2. Shares issued pursuant to vesting of performance-based restricted stock units, which were granted to the reporting person on January 29, 2021, under the 2019 M&T Bank Corporation Equity Incentive Compensation Plan and vested upon achievement of performance goals for the applicable performance period.
3. The performance-based restricted stock units were granted under an equity incentive compensation plan maintained by M&T Bank Corporation, and therefore the reporting person paid no price for the performance-based restricted stock units.
4. Shares withheld for taxes upon the settlement in shares of performance-based restricted stock units previously granted to the reporting person.

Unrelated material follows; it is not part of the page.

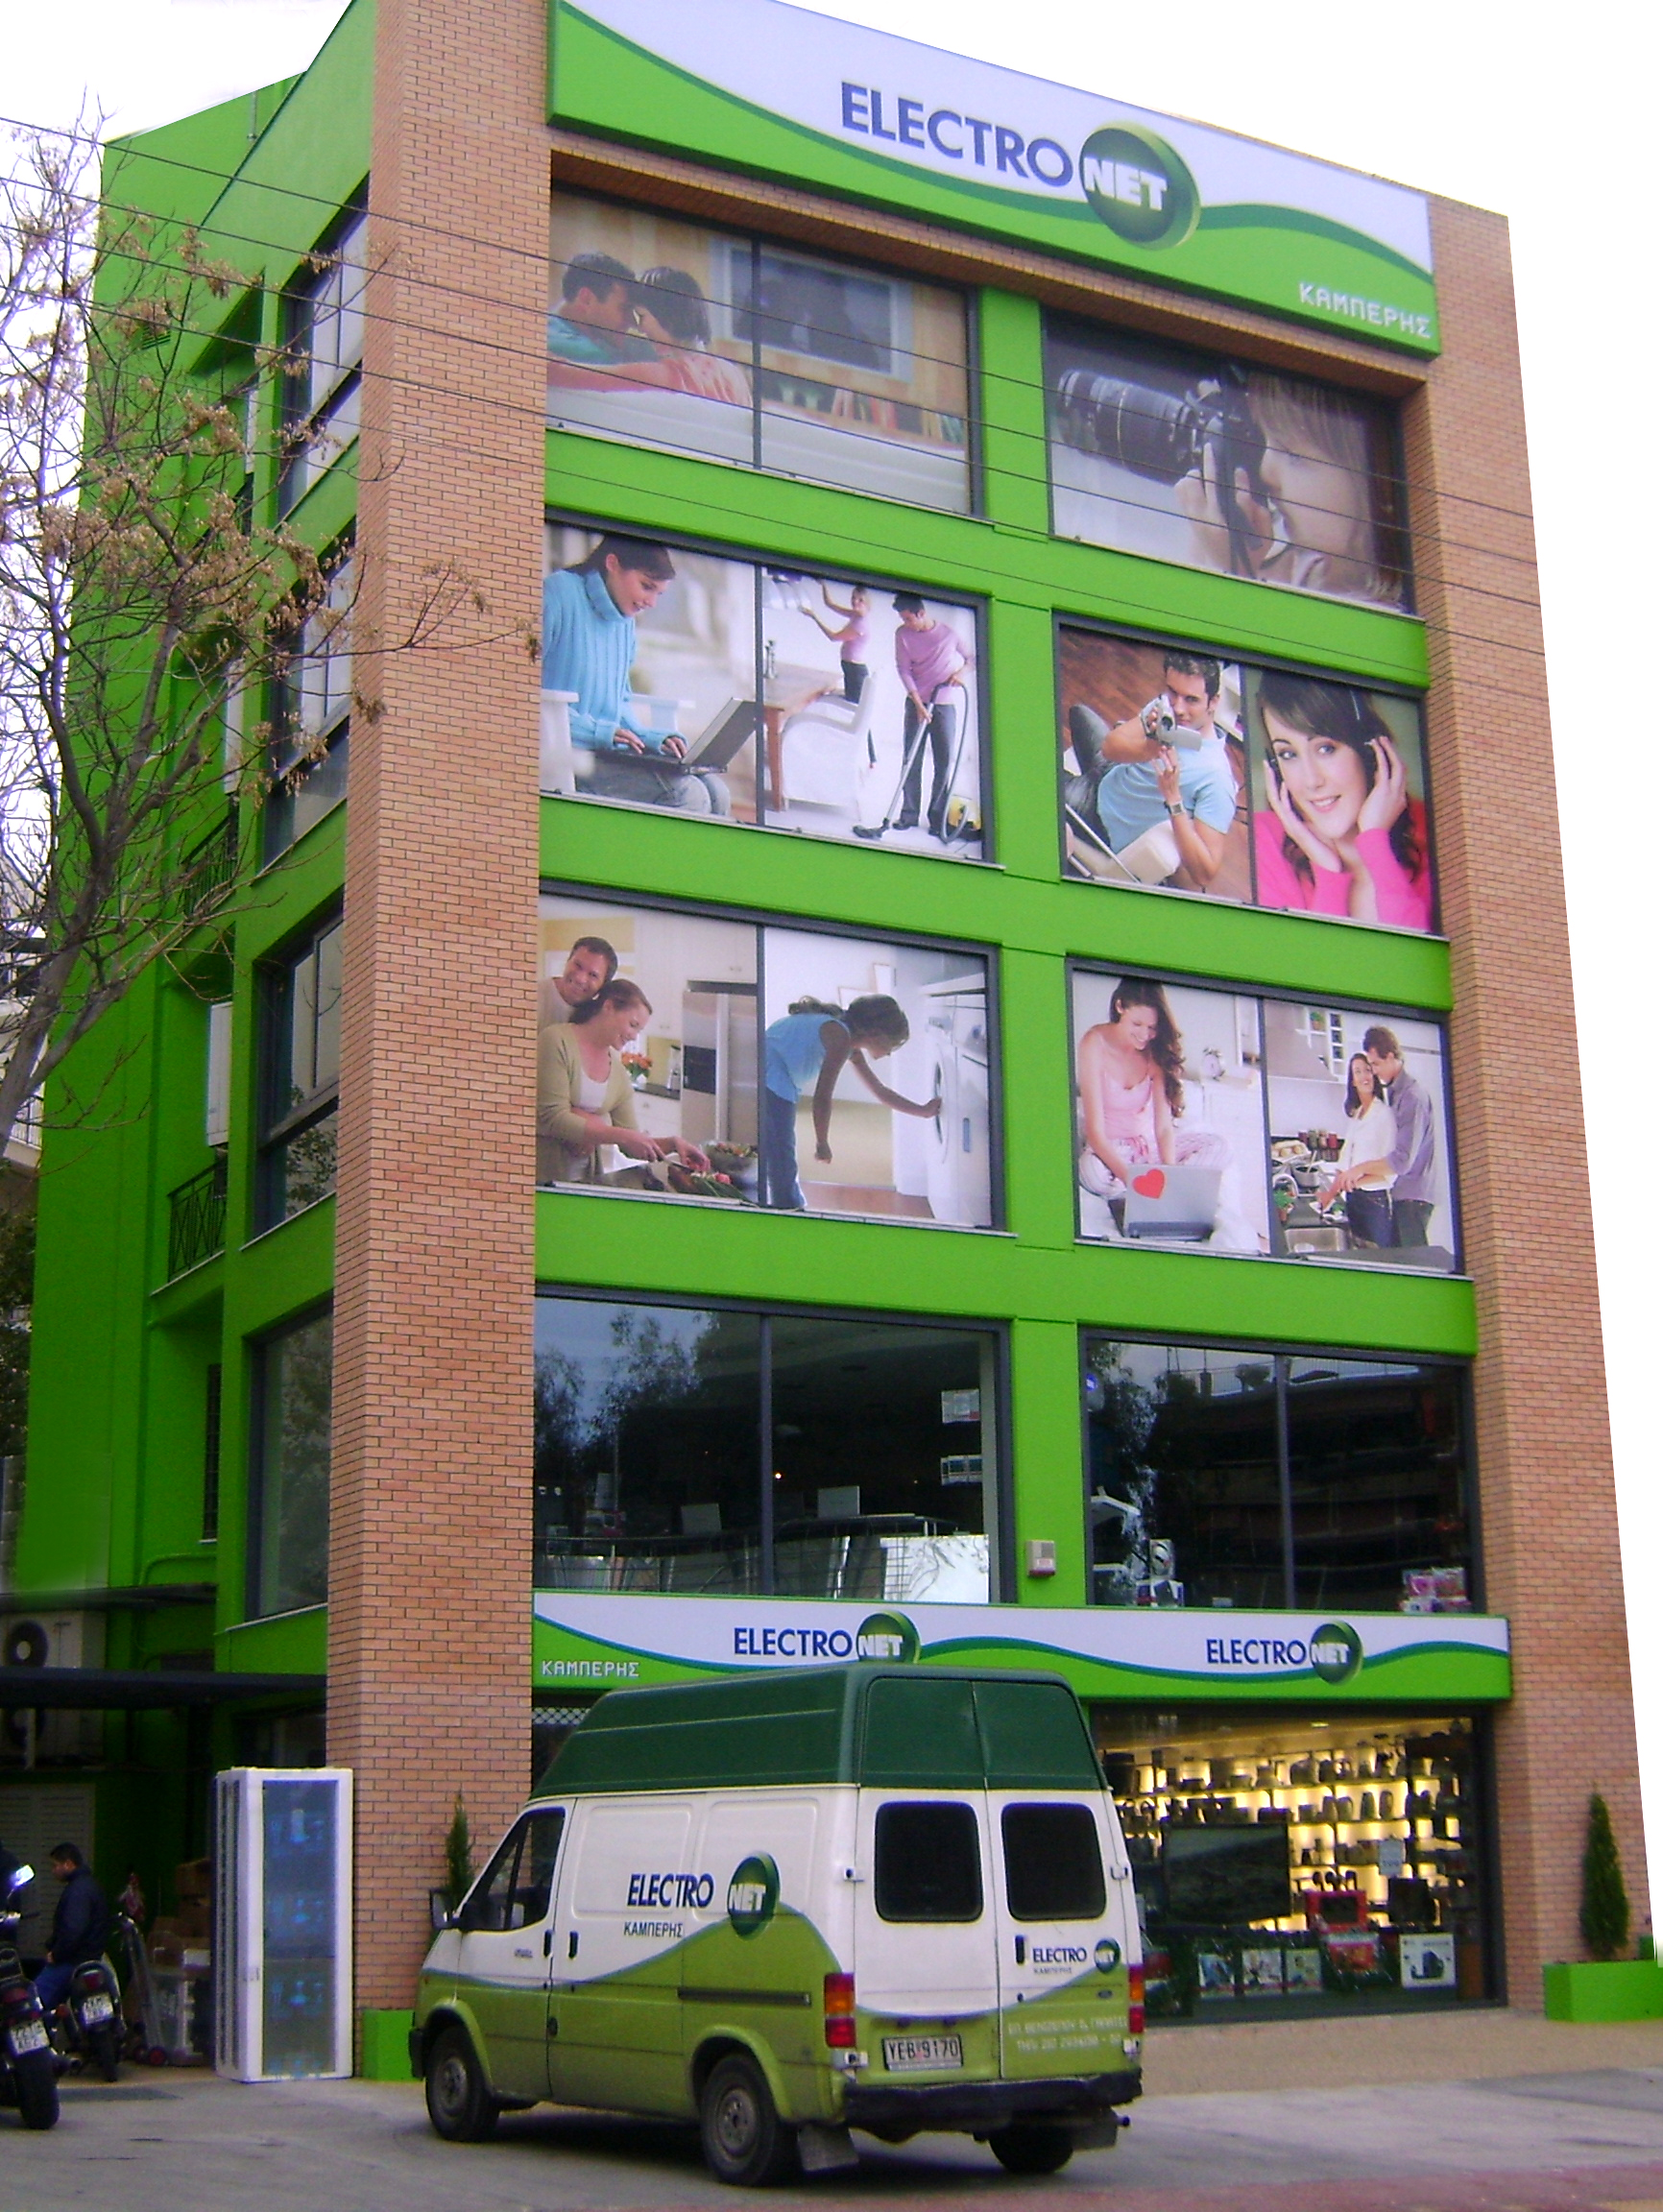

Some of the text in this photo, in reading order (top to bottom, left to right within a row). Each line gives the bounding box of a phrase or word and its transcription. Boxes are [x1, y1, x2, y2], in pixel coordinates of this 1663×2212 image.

5. The reported transaction involves a transfer of securities by gift for which no consideration was paid.
6. Includes fractional shares credited for the period between October 1, 2022 and December 31, 2022 through participation in the M&T Bank Corporation Dividend Reinvestment Plan.
7. These shares are owned by the daughter of the reporting person through a custodial account under the Uniform Gifts to Minors Act for which the reporting person is custodian.

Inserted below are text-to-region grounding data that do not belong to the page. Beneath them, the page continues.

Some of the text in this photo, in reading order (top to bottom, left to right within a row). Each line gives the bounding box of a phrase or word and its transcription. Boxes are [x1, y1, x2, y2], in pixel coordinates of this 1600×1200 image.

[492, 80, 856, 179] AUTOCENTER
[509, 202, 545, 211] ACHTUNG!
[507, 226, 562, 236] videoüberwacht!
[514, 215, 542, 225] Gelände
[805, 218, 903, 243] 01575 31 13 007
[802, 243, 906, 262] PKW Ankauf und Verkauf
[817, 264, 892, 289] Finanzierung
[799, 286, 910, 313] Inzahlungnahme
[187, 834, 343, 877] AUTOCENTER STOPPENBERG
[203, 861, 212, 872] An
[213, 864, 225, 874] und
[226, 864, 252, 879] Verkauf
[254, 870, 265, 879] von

8. The information presented is as of December 31, 2022.
Remarks:
By: Stephen T. Wilson, Esq. (Attorney-In-Fact) 01/31/2023
** Signature of Reporting Person Date
Reminder: Report on a separate line for each class of securities beneficially owned directly or indirectly.
* If the form is filed by more than one reporting person, see Instruction 4 (b)(v).

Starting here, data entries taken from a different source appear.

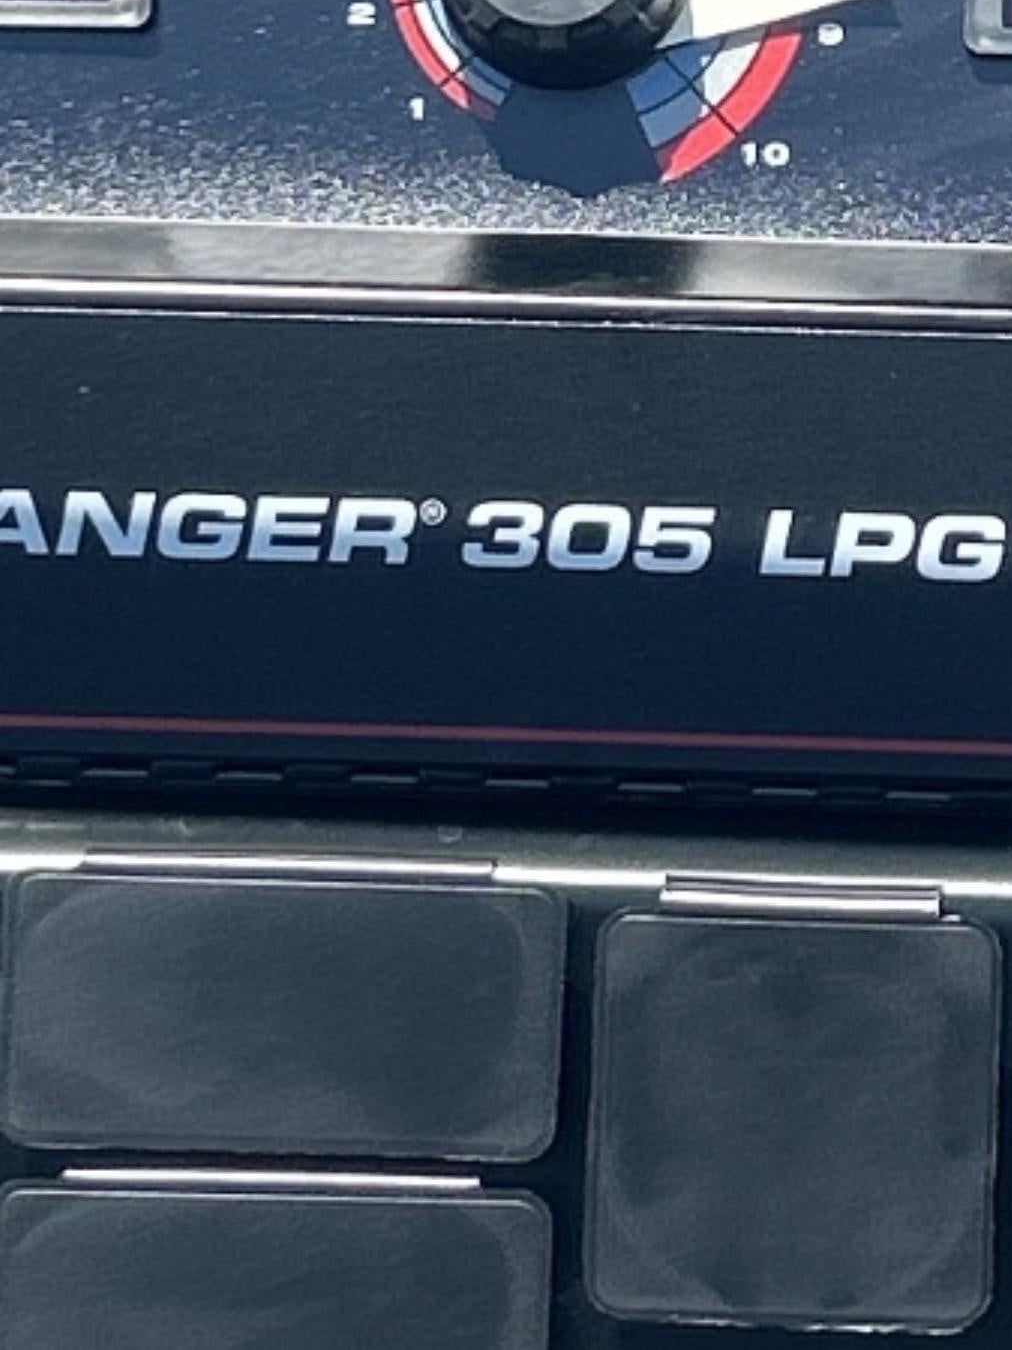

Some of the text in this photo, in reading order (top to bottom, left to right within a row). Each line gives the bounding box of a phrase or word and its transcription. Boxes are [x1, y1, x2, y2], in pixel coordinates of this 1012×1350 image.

[347, 2, 376, 25] 2
[409, 97, 424, 120] 1
[740, 142, 790, 167] 10
[462, 500, 717, 572] 305
[759, 508, 1007, 581] LPG

** Intentional misstatements or omissions of facts constitute Federal Criminal Violations See 18 U.S.C. 1001 and 15 U.S.C. 78ff(a).
Note: File three copies of this Form, one of which must be manually signed. If space is insufficient, see Instruction 6 for procedure.
Persons who respond to the collection of information contained in this form are not required to respond unless the form displays a currently valid OMB Number.